**YOUR OBJECTIVE**:
Go to the line that contains "Some of the words" and extract it along with every line after it, exactly, through the end of the data below.

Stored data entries
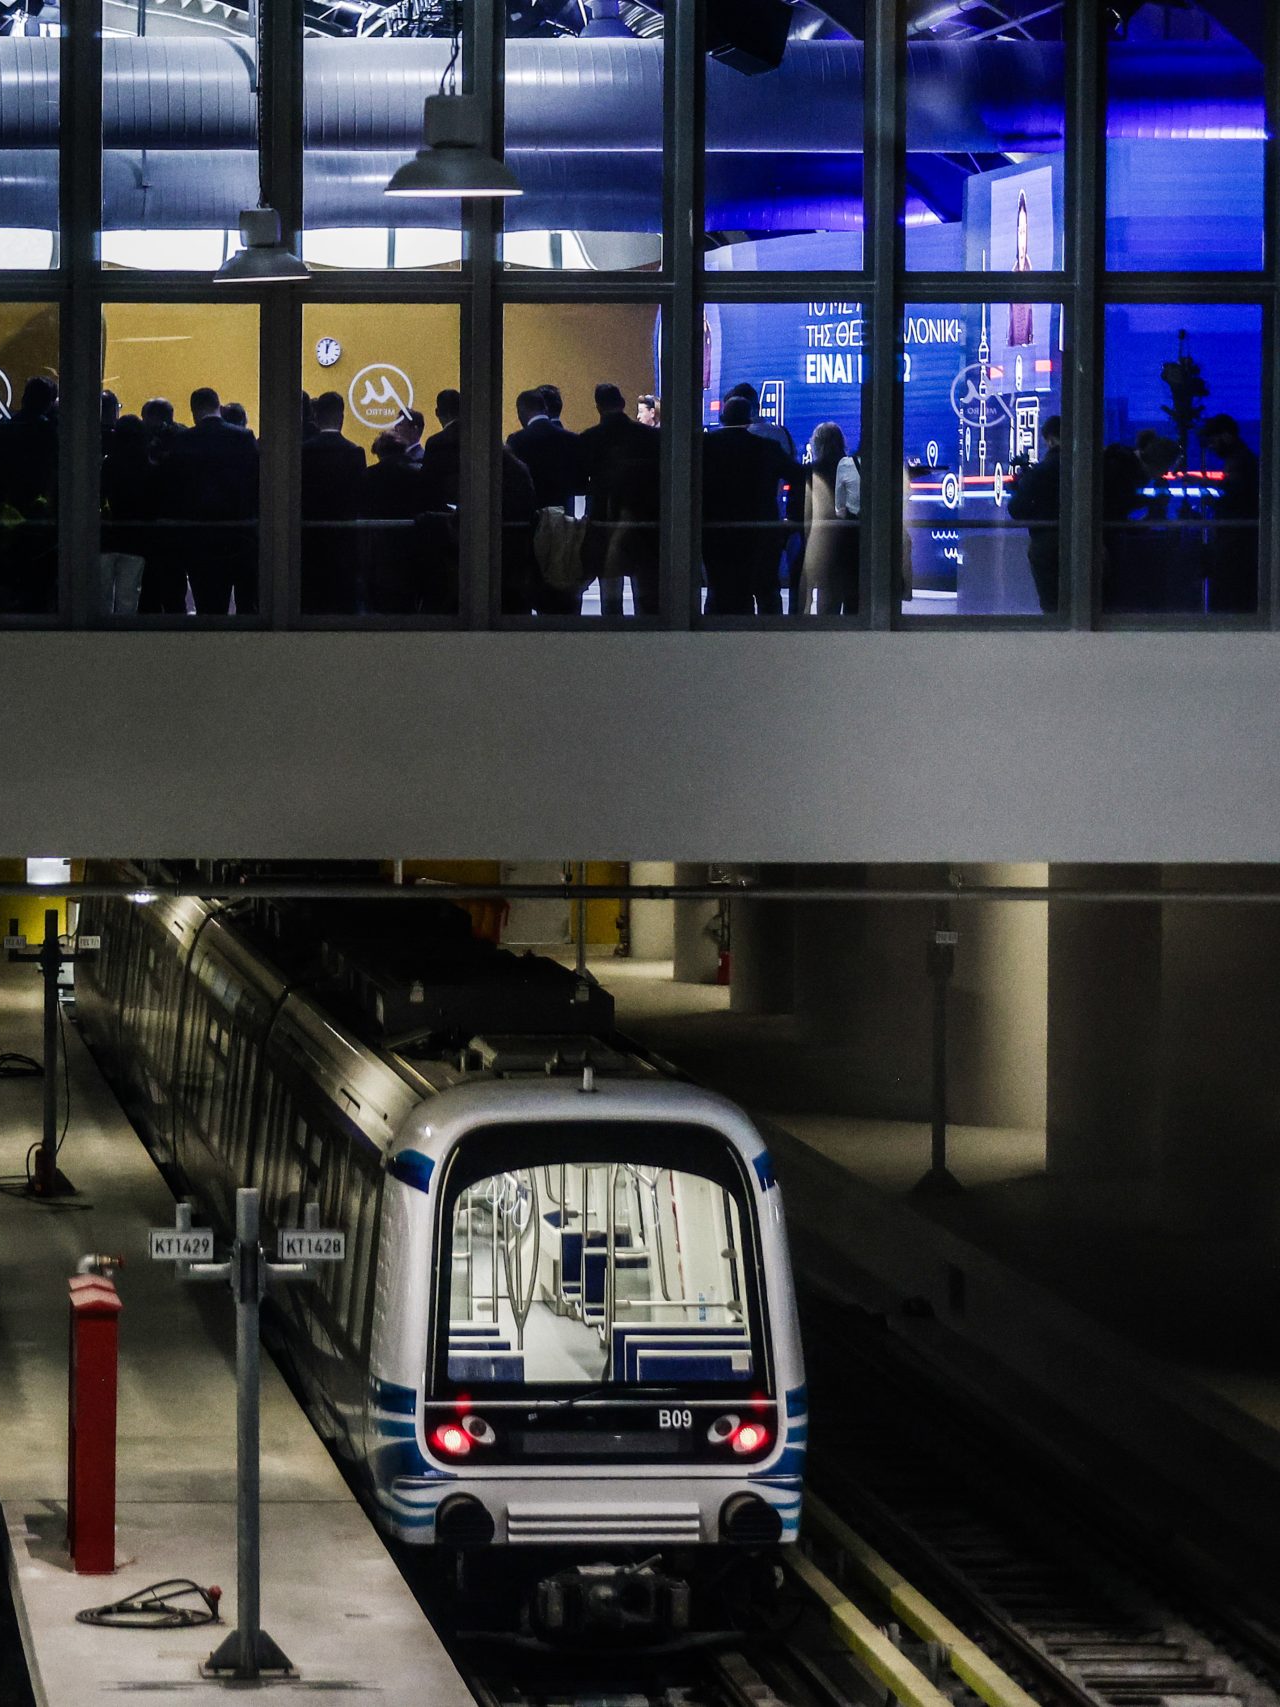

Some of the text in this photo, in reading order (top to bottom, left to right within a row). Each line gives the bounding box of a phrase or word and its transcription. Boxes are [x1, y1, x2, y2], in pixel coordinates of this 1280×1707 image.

[805, 324, 833, 347] ΤΗΣ
[805, 353, 853, 384] ΕΙΝΑΙ
[155, 1238, 210, 1254] KT1429
[286, 1238, 341, 1254] KT1428
[659, 1409, 692, 1428] B09
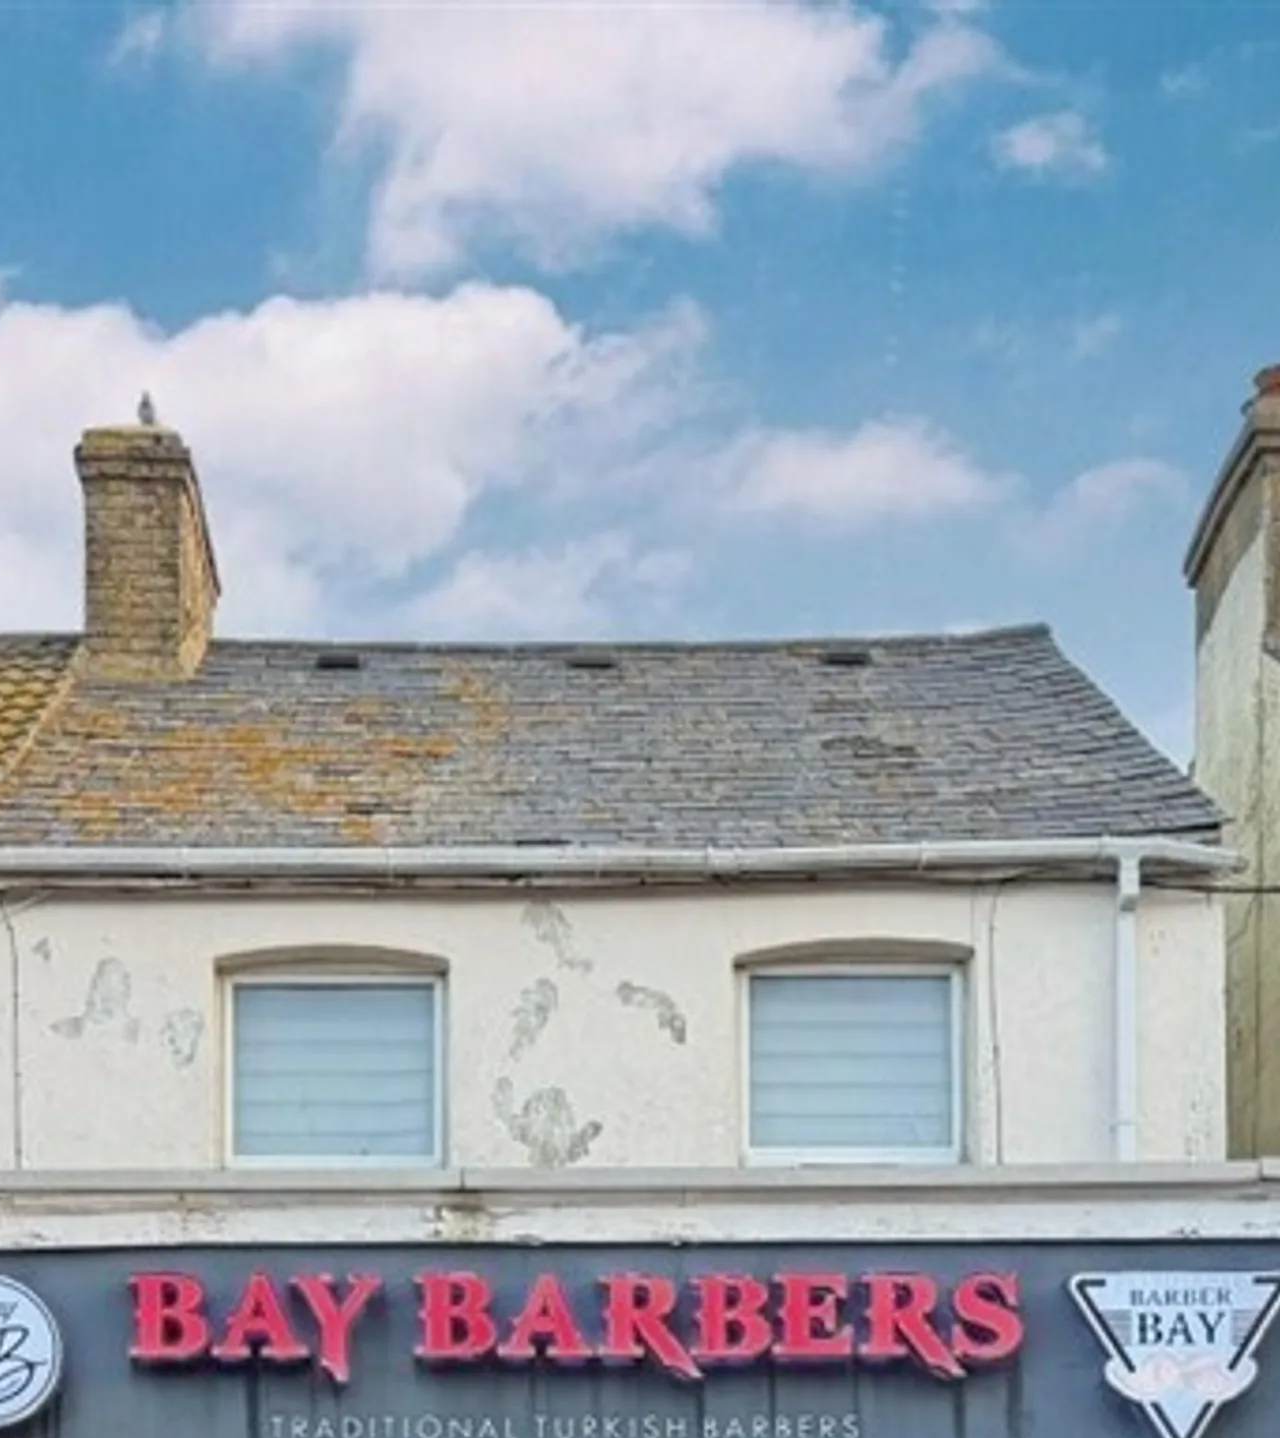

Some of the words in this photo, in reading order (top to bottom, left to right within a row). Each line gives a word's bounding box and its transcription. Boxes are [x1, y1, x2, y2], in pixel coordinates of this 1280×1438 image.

[1129, 1287, 1235, 1307] BARBER
[126, 1267, 386, 1384] BAY
[411, 1267, 1024, 1381] BARBERS
[1137, 1311, 1227, 1346] BAY

**ANSWER TO THIS TASK**:
Some of the words in this photo, in reading order (top to bottom, left to right within a row). Each line gives a word's bounding box and its transcription. Boxes are [x1, y1, x2, y2], in pixel coordinates of this 1280×1438 image.

[1129, 1287, 1235, 1307] BARBER
[126, 1267, 386, 1384] BAY
[411, 1267, 1024, 1381] BARBERS
[1137, 1311, 1227, 1346] BAY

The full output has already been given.